Winter is closing in on us and with that many of us are noticing more aches and pains throughout our body, in particular, back pain. Coincidence? I think not. Although there is little scientific evidence to support this correlation, there is most certainly a connection between the cold weather and the aches and pains we experience.
When we step outside on a chilly winters day, we tend to distort our posture and tense up our muscles to cope with the cold. This is done subconsciously as a means to warming up the body.
When your muscles contract, they burn energy that is released as heat. When we are in need of quick and efficient warming up, our muscles rapidly contract and relax, releasing energy fast. This response we know as shivering. Shivering is the body’s natural response to warming the body.
You may also notice that in the cold, you tend to drop your head and raise your shoulders, which causes your hips to tuck under and your lower back to flatten out. This allows you to share your shoulders body heat with your neck and ears. This is another natural bodily reaction, but a reaction that distorts posture throughout your back and pelvis.
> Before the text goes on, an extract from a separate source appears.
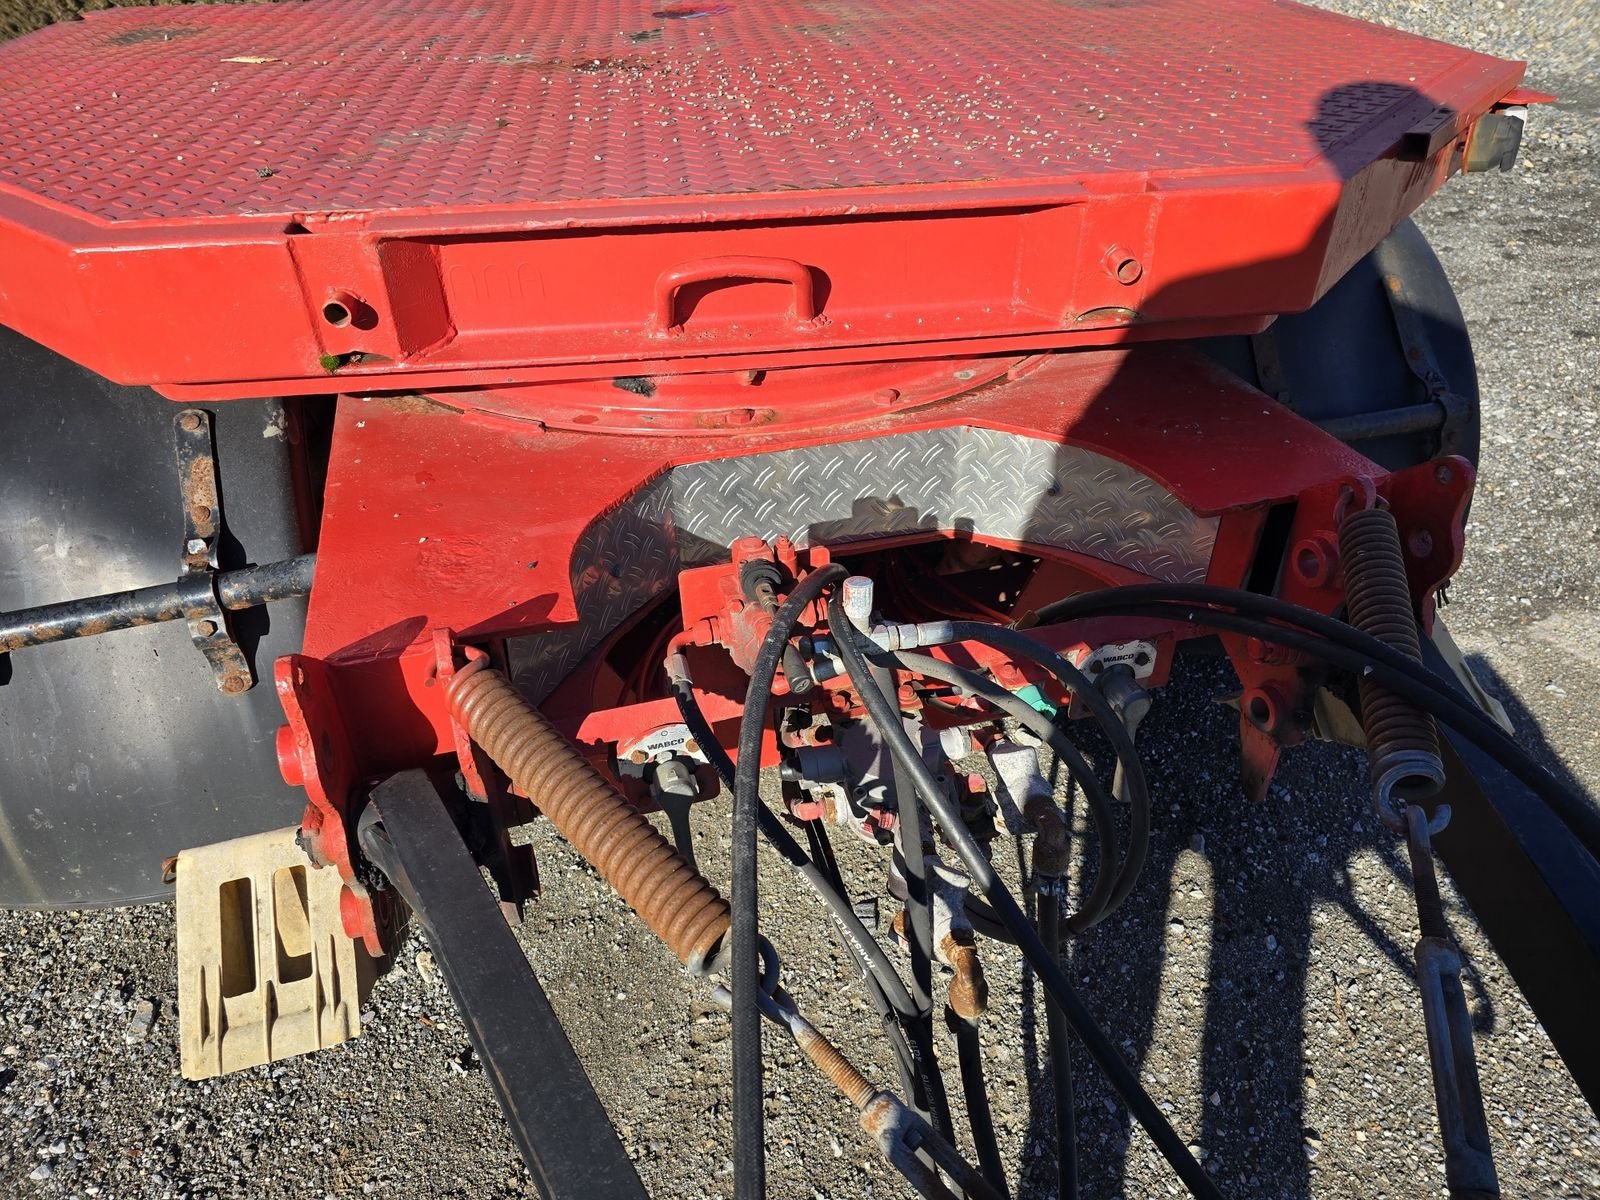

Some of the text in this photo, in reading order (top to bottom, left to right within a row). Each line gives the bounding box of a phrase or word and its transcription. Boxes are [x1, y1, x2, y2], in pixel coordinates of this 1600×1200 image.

Muscle tension is a common cause of back pain. Therefore, when tensing muscles in order to fight against the cold, the body may warm up, but will also alter the body’s posture and contribute to back pain.
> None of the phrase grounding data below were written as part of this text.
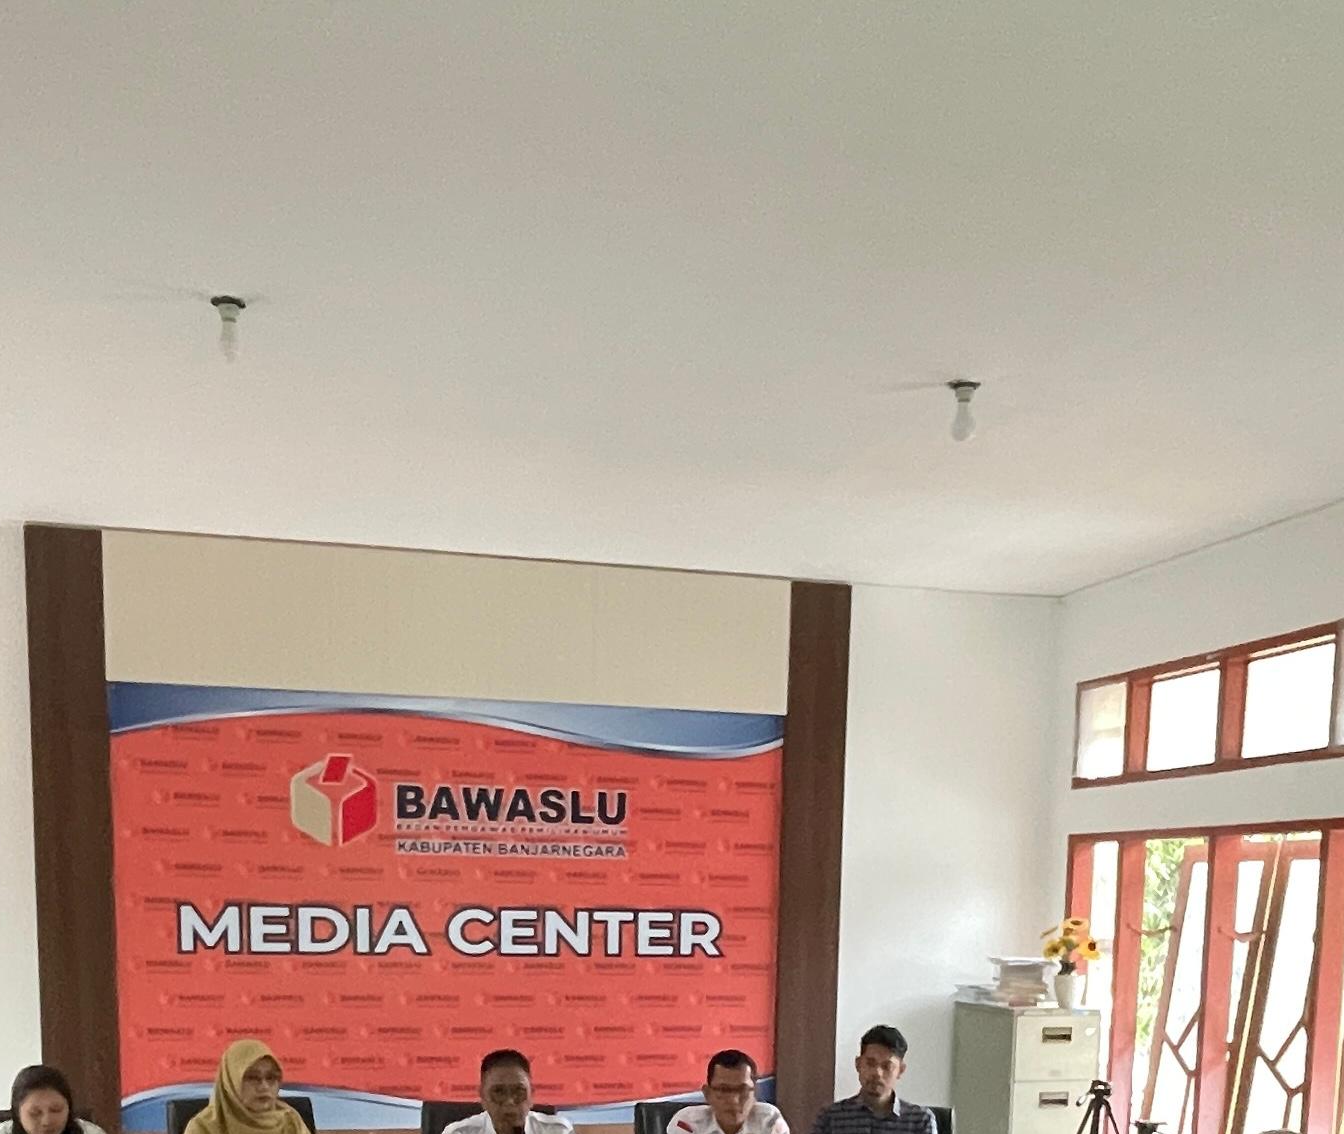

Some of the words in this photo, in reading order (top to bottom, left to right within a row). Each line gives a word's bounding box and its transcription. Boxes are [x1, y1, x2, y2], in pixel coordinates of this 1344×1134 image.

[396, 784, 627, 825] BAWASLU
[397, 841, 493, 855] KABUPATEN
[498, 843, 626, 858] BANJARNEGARA
[176, 903, 431, 955] MEDIA
[445, 906, 724, 957] CENTER
Soreness in the neck, shoulders and lower back can all be a result of muscle tension, exacerbated by the cold weather. So in order to prevent this common occurrence, there are a few helpful tips to get you through the winter, pain free:
- Dress for the climate: By wearing the correct clothing, we can assist our body in maintaining an optimal core body temperature. So pop on a beanie and wrap your self in a scarf, it will help to ease muscle tension and hold a correct body posture.
- Exercise: Particularly indoor and swimming exercises are a great way to warm up the body and increase blood flow throughout the body, easing chronic muscular tension in the process.
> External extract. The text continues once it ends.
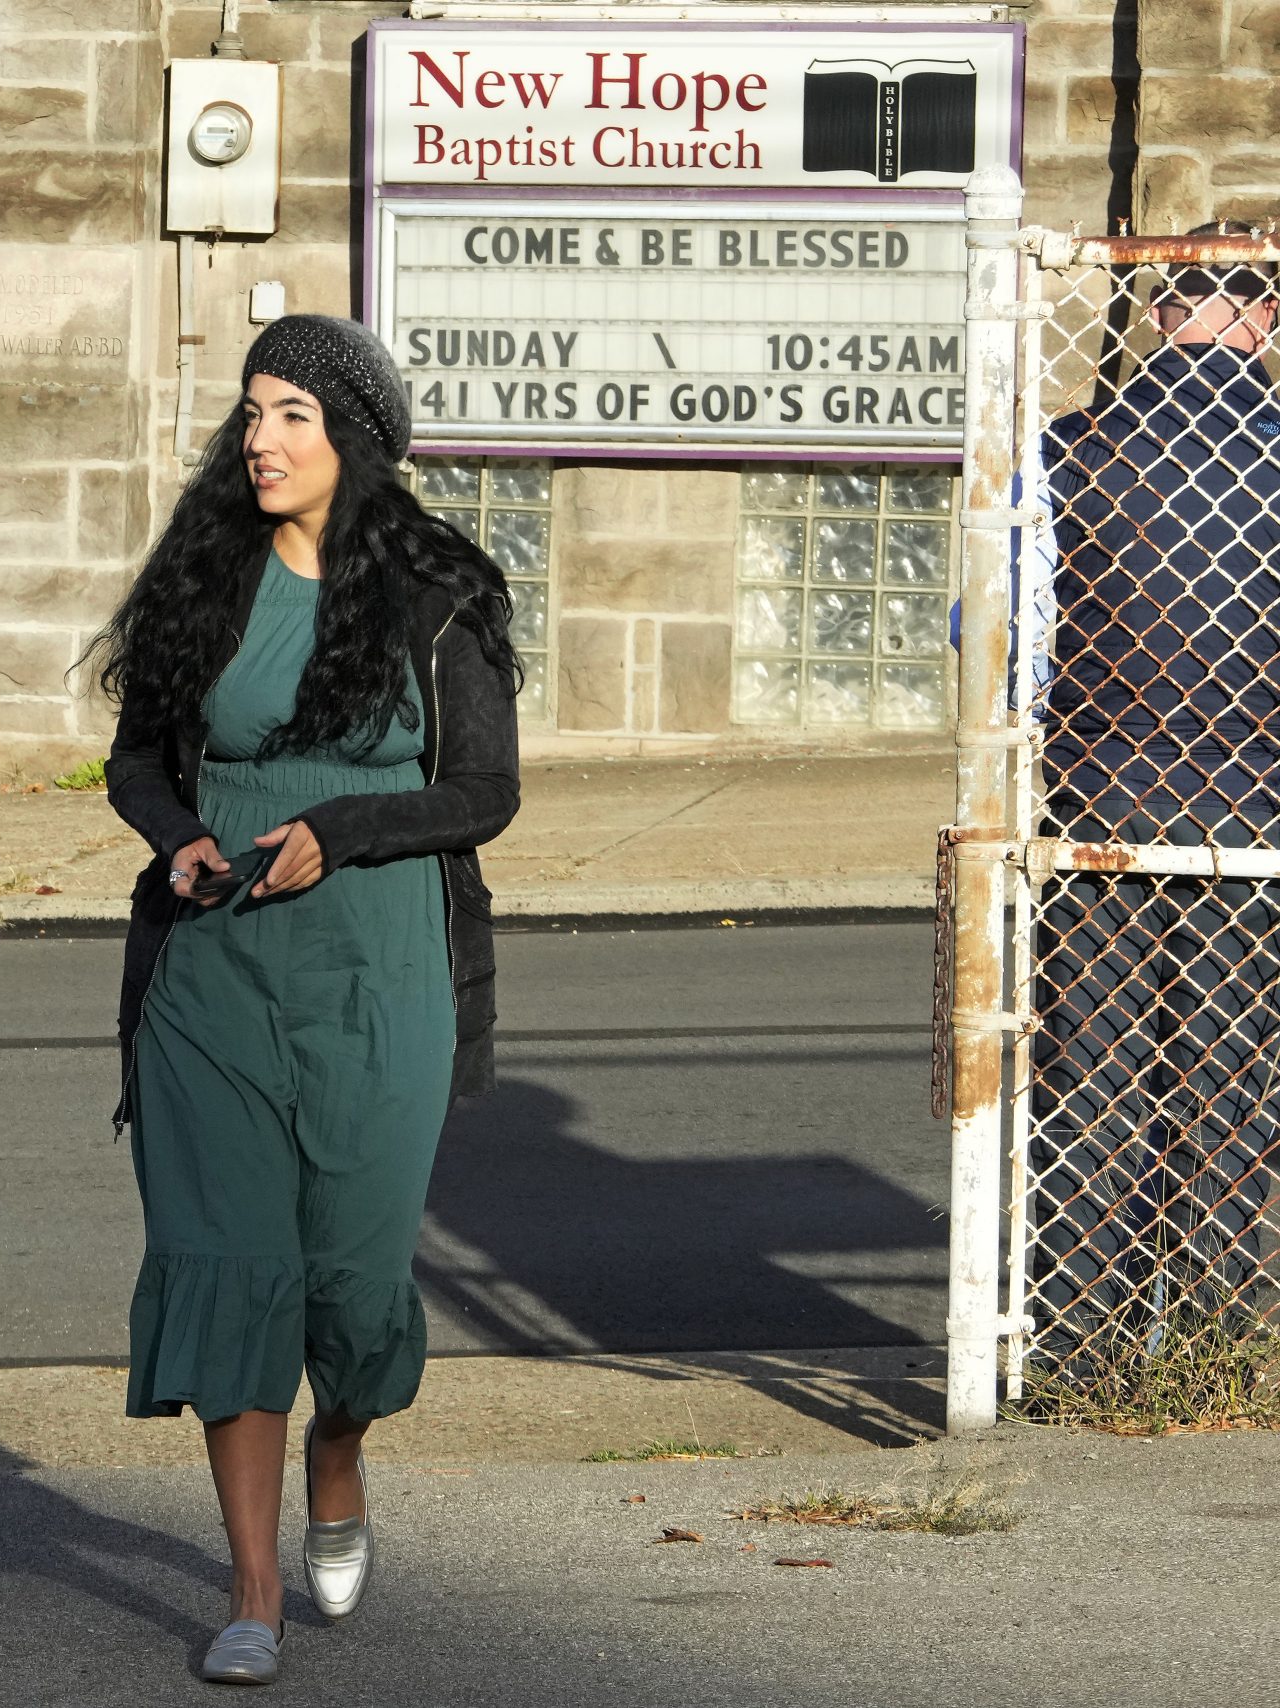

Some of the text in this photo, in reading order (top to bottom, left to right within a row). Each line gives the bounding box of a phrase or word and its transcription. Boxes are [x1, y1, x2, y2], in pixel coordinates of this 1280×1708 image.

- Stretching: Limbering up can be an easy tool to lengthen our short, tight muscles. When our posture becomes hunched over and cramped, the best way to combat that fixed position is to stretch.
- Soft tissue therapy and muscle manipulation: Sometimes our muscles have been held in a state of tension for too long, so the only way to release that tension is through physical therapy. Myotherapy will not only restore muscles to their optimal resting length, it can also correct any postural imbalances that may be causing associated chronic and acute pain. Including headaches, shoulder, neck, lower back, knee and leg pain.